**Exercise description**
The records that follow are to be transcribed in full, without their images.

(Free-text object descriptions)

[Start of Attachment]

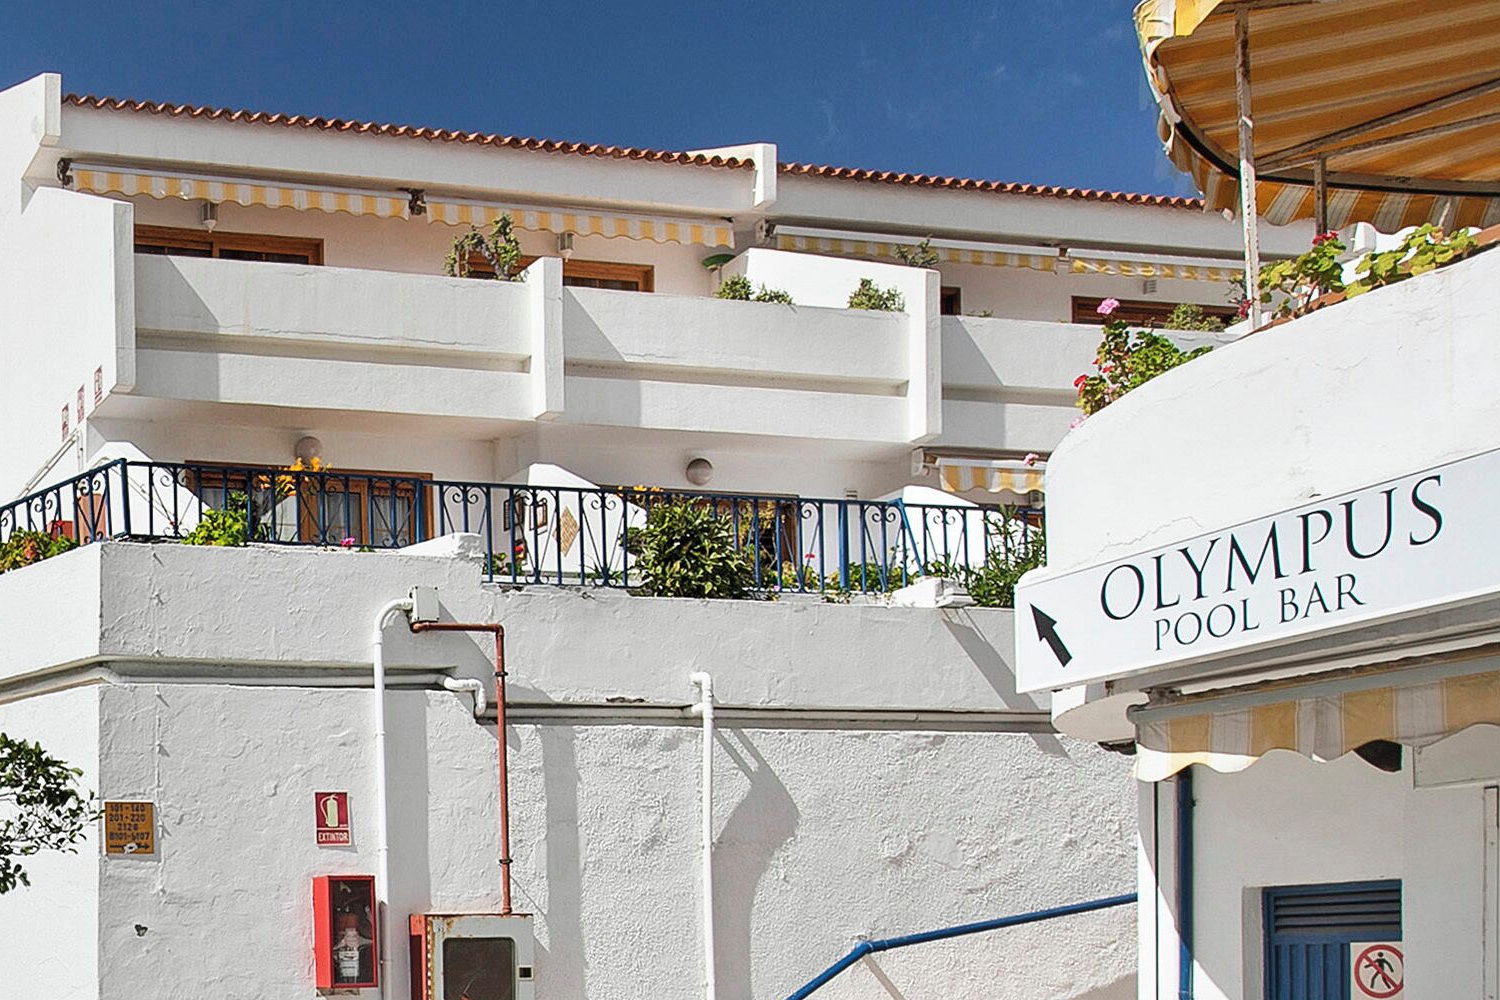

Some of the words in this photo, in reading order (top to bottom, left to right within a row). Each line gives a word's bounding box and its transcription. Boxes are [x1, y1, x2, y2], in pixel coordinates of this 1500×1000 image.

[1100, 474, 1443, 621] OLYMPUS
[1154, 598, 1260, 651] POOL
[1278, 573, 1368, 625] BAR
[109, 813, 123, 822] 201
[318, 832, 349, 841] EXTINTOR

[End of Attachment]

**Written solution**
Some of the words in this photo, in reading order (top to bottom, left to right within a row). Each line gives a word's bounding box and its transcription. Boxes are [x1, y1, x2, y2], in pixel coordinates of this 1500×1000 image.

[1100, 474, 1443, 621] OLYMPUS
[1154, 598, 1260, 651] POOL
[1278, 573, 1368, 625] BAR
[109, 813, 123, 822] 201
[318, 832, 349, 841] EXTINTOR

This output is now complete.